Yesterday, I made the case for us to be less concerned about the U.S. and even Western Europe, but to be very concerned about a slowdown in Asia. The reasons for this are simple: most analysts now understand the extent of problems in the U.S. and Western Europe.

This, is part of the reason I am more optimistic about financial markets in Europe and the U.S. I am even bullish on some sectors of those economies despite the slowdown. However, less is known outside of the U.S. and Western Europe. Expectations are too high and disappointment is likely.

Today, I want to continue the theme of looking outside Europe and North America, but this time I want to focus on Eastern Europe and Emerging Markets. And to get right to the point, these areas will see a very marked slowdown, leading to very hard landings in some cases.

We have seen what can happen in a small country like Iceland when the macroeconomic data show an economy out of control. Iceland was the first small country to melt down because it had the biggest imbalance with its gaping 14.6% current account deficit. The results are especially dire for these small nations because they do not have the world’s reserve currency like the United States does. And, thus, they are more likely to feel the full force of a loss of confidence.

But, unfortunately Iceland is not an isolated case. In Eastern Europe, it’s all about overvalued currencies and poor macroeconomics. For instance, Estonia has a massive 11.8% current account deficit, Latvia’s is 13.8% and Lithuania’s is 14.0%. In Slovakia, it is 5.6%, Slovenia 6.6%, Hungary 5.9%, Poland 4.9%, and in the Czech Republic 2.8%. All across Eastern Europe there is a massive capital account surplus (hot money from abroad) to match this current account deficit.
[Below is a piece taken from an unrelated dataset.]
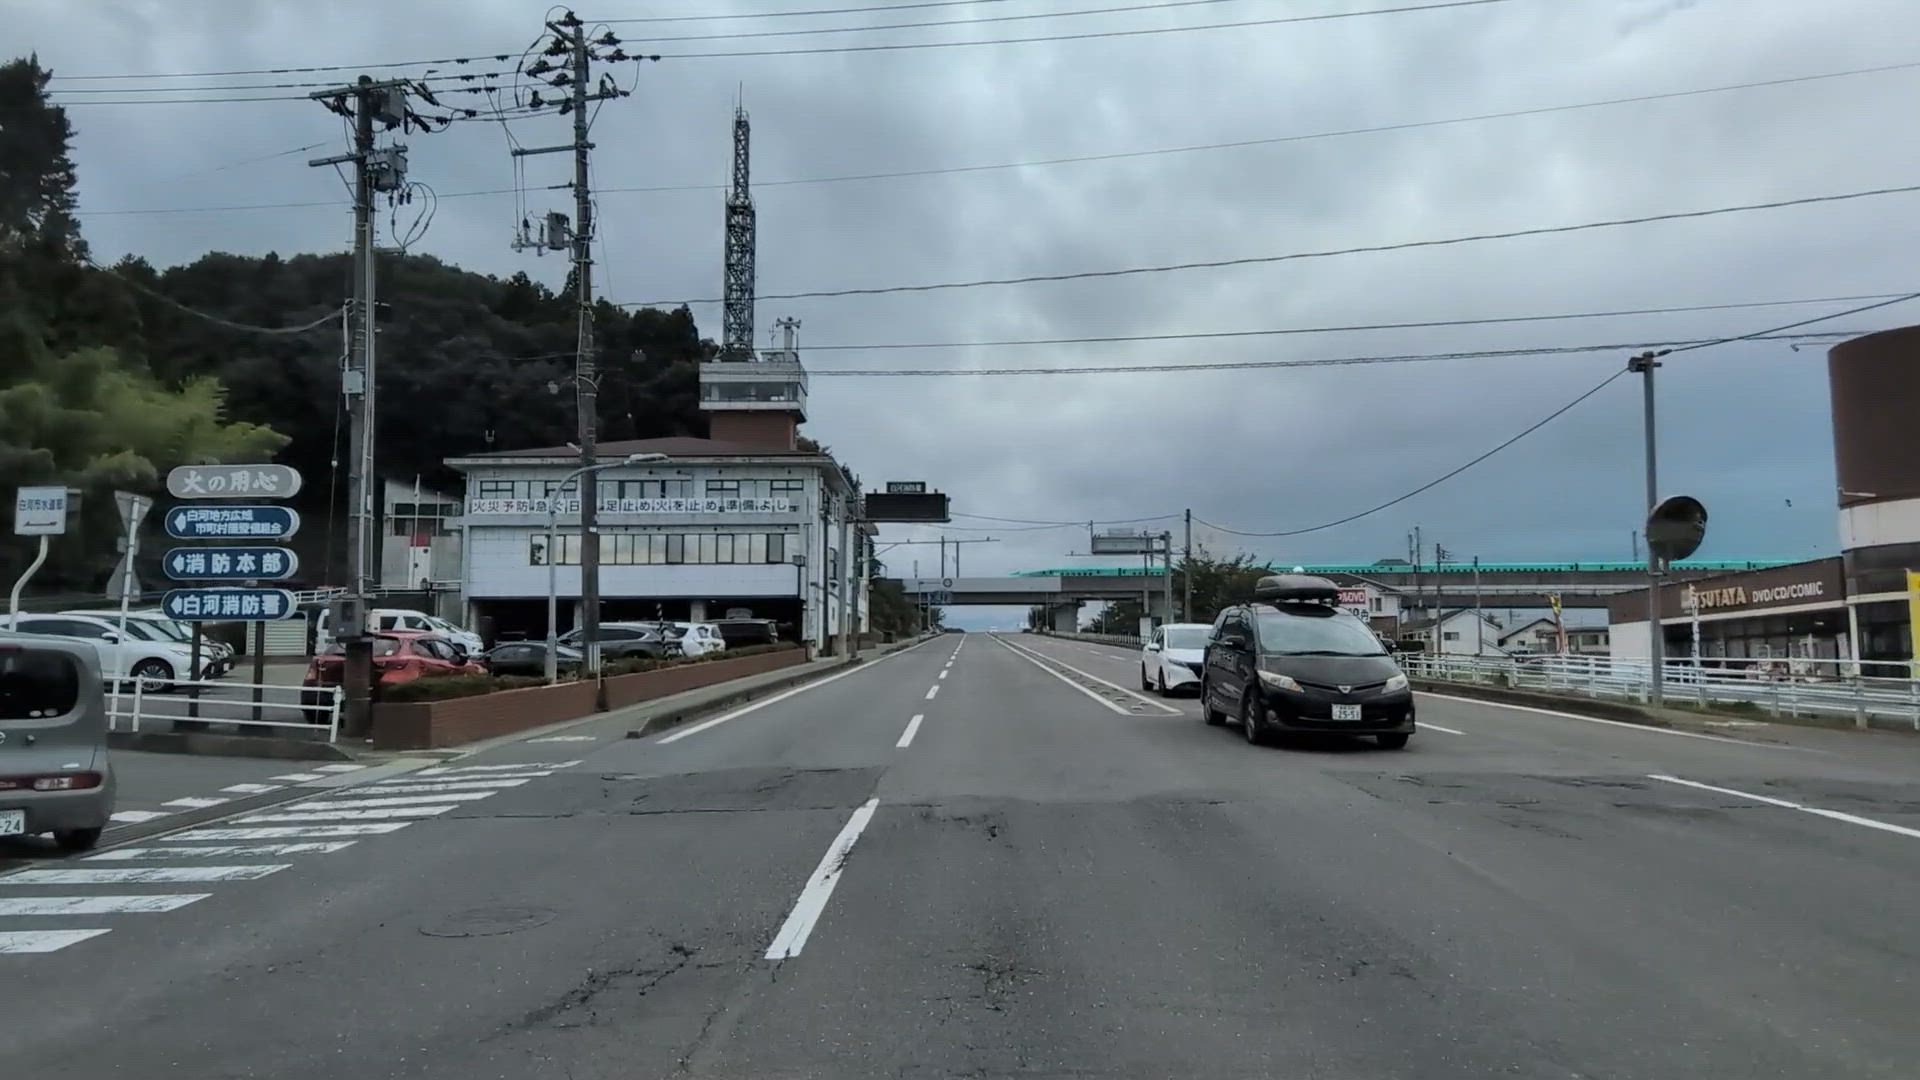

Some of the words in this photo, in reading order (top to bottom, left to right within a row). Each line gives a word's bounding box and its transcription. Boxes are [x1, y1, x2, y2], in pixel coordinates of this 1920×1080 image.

Western European Banks have been speculating in Eastern Europe and are sure to get burnt when things start to unravel there.
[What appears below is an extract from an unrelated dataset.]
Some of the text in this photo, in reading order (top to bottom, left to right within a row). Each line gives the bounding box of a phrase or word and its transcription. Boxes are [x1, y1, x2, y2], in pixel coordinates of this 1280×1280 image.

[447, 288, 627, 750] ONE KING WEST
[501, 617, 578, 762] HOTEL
In July, I noted the problem in the Baltics in particular:

The Baltics are looking a lot like Argentina was before it collapsed at the beginning of the decade: fixed exchange rate, large current account deficit, significant foreign bank lending, overheating economy turning to bust.
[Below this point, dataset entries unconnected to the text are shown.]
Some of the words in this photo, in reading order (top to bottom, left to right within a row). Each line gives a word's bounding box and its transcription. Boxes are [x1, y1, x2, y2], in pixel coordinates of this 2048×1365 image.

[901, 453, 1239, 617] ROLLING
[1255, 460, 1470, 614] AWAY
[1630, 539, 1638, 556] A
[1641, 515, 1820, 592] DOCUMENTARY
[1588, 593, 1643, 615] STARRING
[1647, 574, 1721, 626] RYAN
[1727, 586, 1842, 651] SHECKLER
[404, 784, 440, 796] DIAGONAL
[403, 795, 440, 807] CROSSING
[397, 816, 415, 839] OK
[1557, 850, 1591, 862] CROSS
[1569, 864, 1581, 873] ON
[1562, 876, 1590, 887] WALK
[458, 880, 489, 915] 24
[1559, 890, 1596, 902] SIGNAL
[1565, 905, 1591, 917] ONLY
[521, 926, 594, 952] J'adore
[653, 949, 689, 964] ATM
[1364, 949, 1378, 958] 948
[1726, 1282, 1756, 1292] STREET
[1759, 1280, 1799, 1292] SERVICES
This combination is a toxic mix that will certainly end in the disaster it did for Argentina. I have a vivid memory of being in Buenos Aires when workers were rioting in the streets, knocking over cars and setting them on fire. Foreign banks were littered with Graffiti, including the word “ratas,” scrawled across them. Many banks were shut down and closed and too many bank I could see had armed guards with submachine guns out front to protect them. I can’t say this same disastrous scenario awaits the Baltics, but things could get pretty dicey there in any event.
Are the Baltics the new Argentina?

For other countries, it s not as much the current account as it is falling commodity prices. All across Latin America, commodity prices are important — in Chile, Peru, Argentina, Brazil, Venezuela and Mexico to name the biggest economies in the region.

As you can see from the graph above, commodity prices are falling across the board as the global economy heads into a recession. This has had different but equally staggering effects on various parts of the globe.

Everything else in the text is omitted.